# CL Fall School 2024 in Passau: Multimodal NLP
Carina Silberer and Hsiu-Yu Yang, University of Stuttgart

---

# Lab 3: Word Similarity Estimation

In [1]:
!pip install -q git+https://github.com/huggingface/transformers.git

In [2]:
conda install pytorch torchvision -c pytorch-nightly

Channels:
 - pytorch-nightly
 - defaults
Platform: osx-arm64
Collecting package metadata (repodata.json): done
Solving environment: done

# All requested packages already installed.


Note: you may need to restart the kernel to use updated packages.


In [1]:
from sklearn.metrics.pairwise import cosine_similarity
from scipy.stats import spearmanr

In [2]:
try: 
    import pandas
except ModuleNotFoundError:
    #!conda update -n base -c defaults conda
    !conda install --yes pandas

In [3]:
from PIL import Image
import requests
import torch

import operator
import os
import json
import pickle

In [4]:
device = "cuda" if torch.cuda.is_available() else "cpu"
print(f"Using {device} device")

Using cpu device


In [None]:
# Load VIT 
# We need a processor to read in images in pixel values
from transformers import ViTImageProcessor
from transformers import ViTModel

image_processor = ViTImageProcessor.from_pretrained('google/vit-base-patch32-224-in21k')
vit_model = ViTModel.from_pretrained('google/vit-base-patch32-224-in21k')

In [None]:
from transformers import BertTokenizer
from transformers import BertModel

tokenizer = BertTokenizer.from_pretrained('bert-base-uncased', clean_up_tokenization_spaces=True)
text_model = BertModel.from_pretrained("bert-base-uncased")

In [None]:
from transformers import ViltProcessor
from transformers import ViltModel

mm_processor = ViltProcessor.from_pretrained("dandelin/vilt-b32-mlm", clean_up_tokenization_spaces=True)
mm_model = ViltModel.from_pretrained("dandelin/vilt-b32-mlm")
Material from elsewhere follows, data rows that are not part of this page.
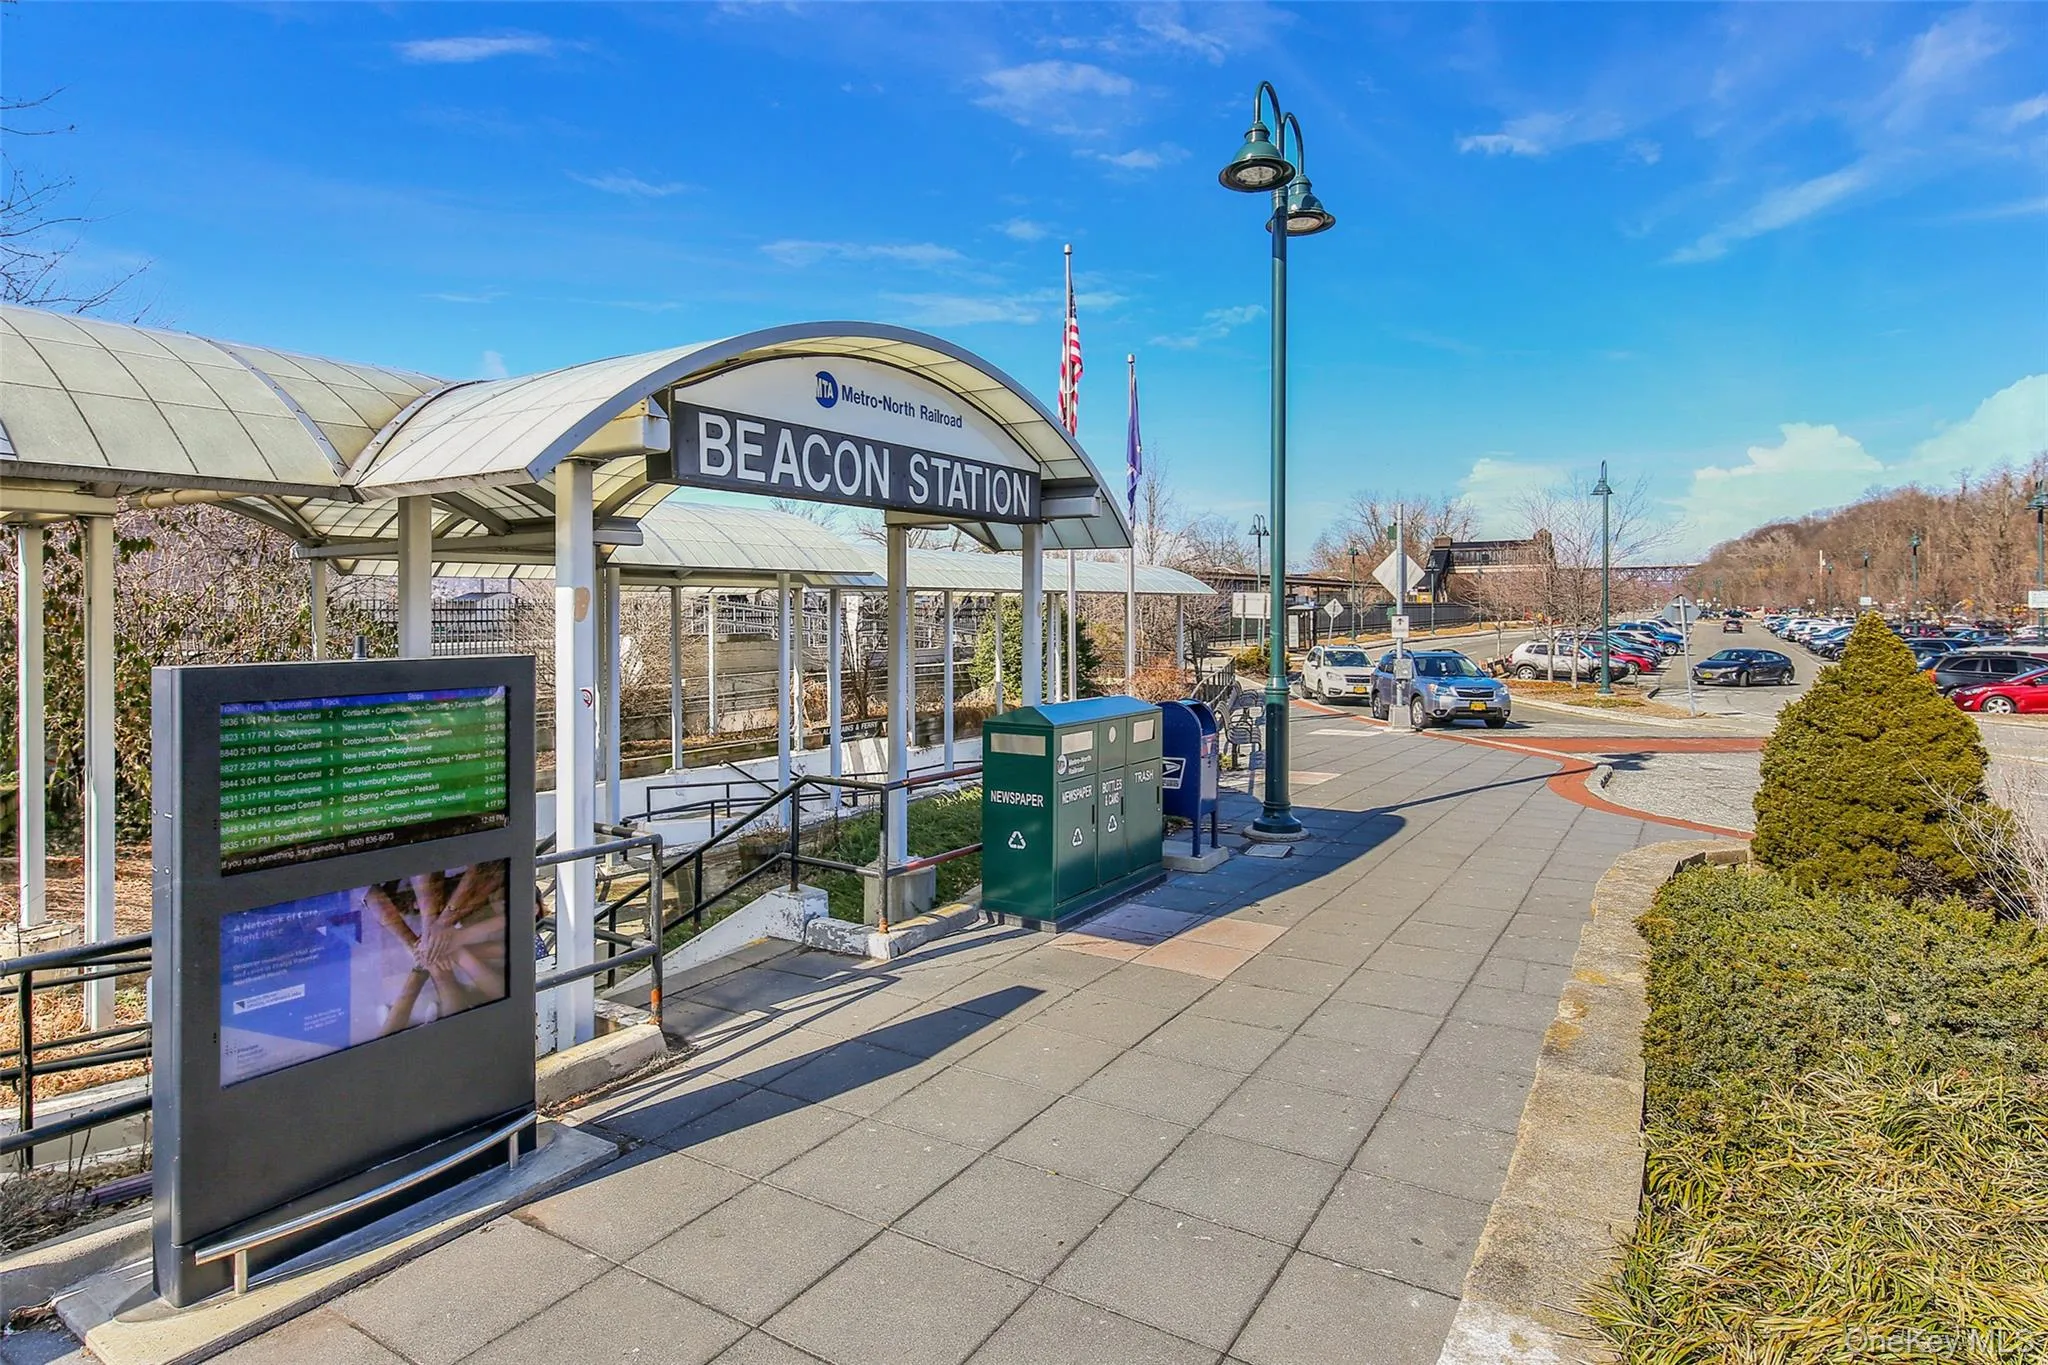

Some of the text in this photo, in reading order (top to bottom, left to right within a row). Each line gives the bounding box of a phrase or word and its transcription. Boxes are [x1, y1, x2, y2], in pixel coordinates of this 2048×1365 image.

[841, 384, 964, 429] Metro-North Railroad
[699, 412, 1031, 518] BEACON STATION
[321, 698, 339, 706] Track
[257, 715, 270, 723] PM
[273, 714, 296, 722] Grand
[296, 712, 321, 720] Central
[257, 730, 270, 738] PM
[273, 726, 322, 738] Poughkeepsie
[342, 723, 356, 731] New
[257, 745, 270, 753] PM
[273, 743, 296, 752] Grand
[296, 741, 321, 750] Central
[328, 739, 334, 747] 1
[342, 734, 389, 745] Croton-Harmon
[257, 760, 270, 769] PM
[273, 755, 322, 768] Poughkeepsie
[342, 752, 356, 760] New
[257, 775, 270, 784] PM
[273, 772, 296, 782] Grand
[296, 769, 321, 779] Central
[328, 768, 334, 776] 2
[1134, 769, 1154, 783] TRASH
[257, 790, 270, 799] PM
[273, 784, 322, 799] Poughkeepsie
[328, 783, 334, 791] 1
[342, 780, 356, 789] New
[1061, 785, 1093, 805] NEWSPAPER
[1102, 779, 1123, 794] BOTTLES
[257, 805, 270, 814] PM
[273, 802, 296, 812] Grand
[296, 799, 321, 809] Central
[328, 797, 334, 805] 2
[342, 794, 358, 803] Cold
[358, 790, 379, 801] Spring
[990, 790, 1044, 807] NEWSPAPER
[257, 820, 270, 829] PM
[273, 817, 296, 827] Grand
[296, 813, 321, 824] Central
[342, 809, 358, 817] Cold
[358, 804, 379, 816] Spring
[257, 835, 270, 844] PM
[273, 828, 322, 843] Poughkeepsie
[328, 826, 334, 834] 1
[342, 823, 356, 832] New
[227, 859, 242, 869] you
[243, 856, 257, 865] see
[310, 841, 345, 855] something
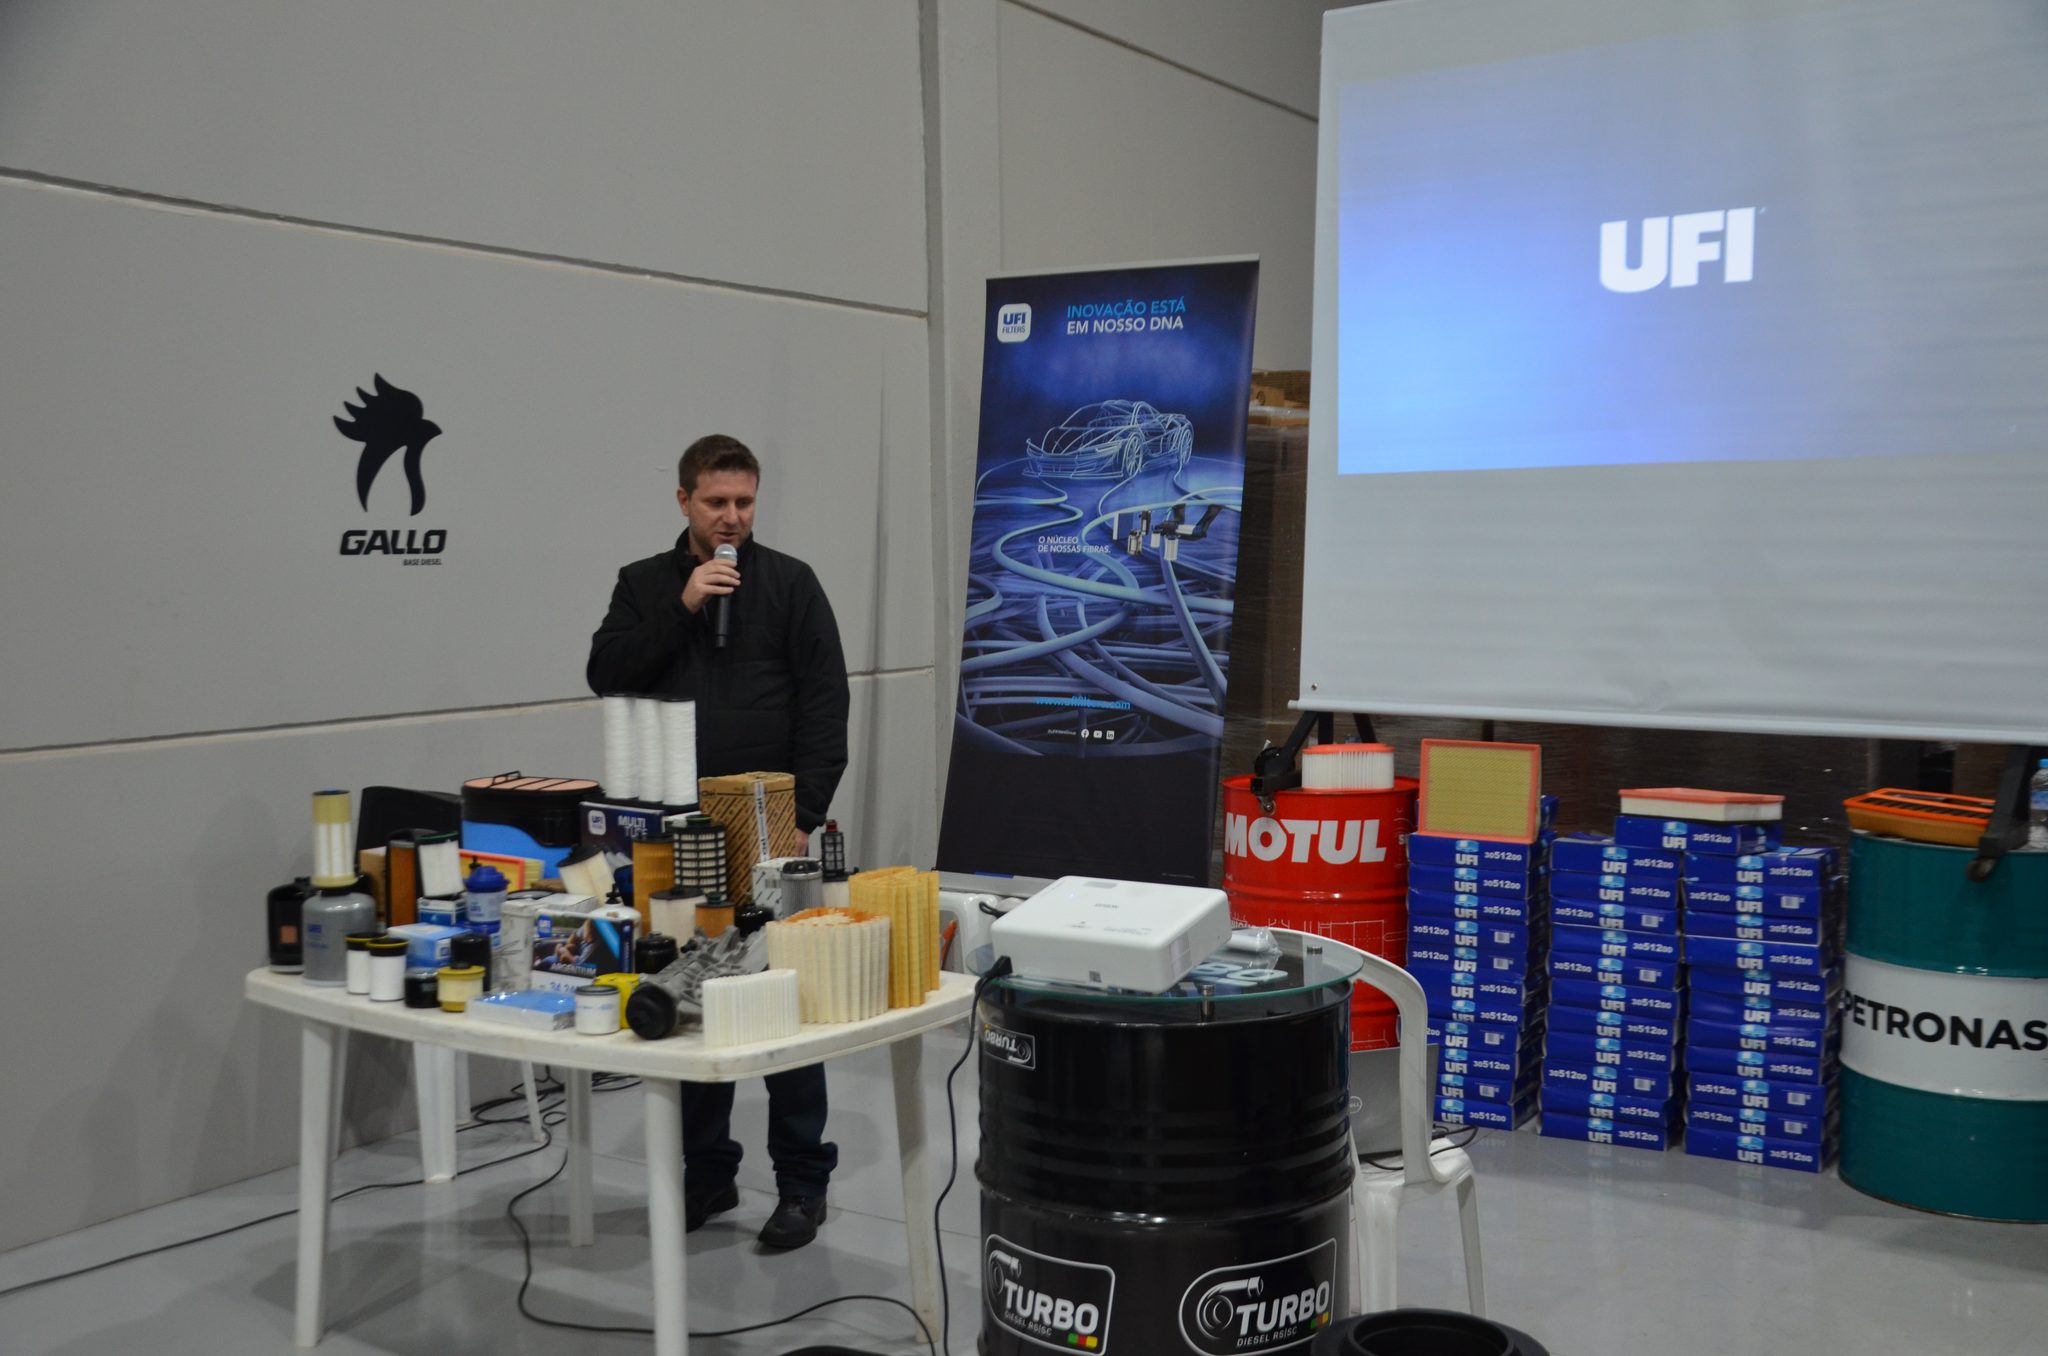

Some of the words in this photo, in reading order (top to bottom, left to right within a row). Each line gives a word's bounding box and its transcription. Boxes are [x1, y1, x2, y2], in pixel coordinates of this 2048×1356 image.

# Exercise: Word Similarity Estimation
Word similarity and relatedness datasets have long been used to intrinsically evaluate distributional representations of word meaning. The standard evaluation metric for such datasets is the [Spearman correlation coefficient (Spearman's $\rho$)](https://en.wikipedia.org/wiki/Spearman%27s_rank_correlation_coefficient). 
It is computed between the human-elicited scores and your model's estimated scores.

The goal of this exercise is to compare 3 classes of models, a `pure language model`, a `pure vision model` and a `vision-language model` on the word similarity task. 

### Dataset: SimLex-999
We will use the word pairs and human similarity judgements of SimLex-999.
Download the dataset either from the course's github space (under `data/`), or from the website (https://fh295.github.io/simlex.html), the filename is `SimLex-999/SimLex-999.txt`. Check also the description of the dataset in the `README`. The relevant data for this assignment are provided in the columns `word1`, `word2`, `POS`, `SimLex999` (scale 0-10), and `concQ` (derived from  concreteness ratings (scale 1-7) for the individual words of a pair). 

In [5]:
sim_data = pandas.read_csv("data/SimLex-999/SimLex-999.txt", sep="\t")

In [6]:
# the first 10 entries in SimLex-999
sim_data.head(10)

Unnamed: 0,word1,word2,POS,SimLex999,conc(w1),conc(w2),concQ,Assoc(USF),SimAssoc333,SD(SimLex)
0,old,new,A,1.58,2.72,2.81,2,7.25,1,0.41
1,smart,intelligent,A,9.2,1.75,2.46,1,7.11,1,0.67
2,hard,difficult,A,8.77,3.76,2.21,2,5.94,1,1.19
3,happy,cheerful,A,9.55,2.56,2.34,1,5.85,1,2.18
4,hard,easy,A,0.95,3.76,2.07,2,5.82,1,0.93
5,fast,rapid,A,8.75,3.32,3.07,2,5.66,1,1.68
6,happy,glad,A,9.17,2.56,2.36,1,5.49,1,1.59
7,short,long,A,1.23,3.61,3.18,2,5.36,1,1.58
8,stupid,dumb,A,9.58,1.75,2.36,1,5.26,1,1.48
9,weird,strange,A,8.93,1.59,1.86,1,4.26,1,1.3


### Methodology
We load the models and prepare them and the vocabulary, and use Spearman's $\rho$ to measure the correlation between the human-elicited similarity judgements and the model's estimated similarity scores. 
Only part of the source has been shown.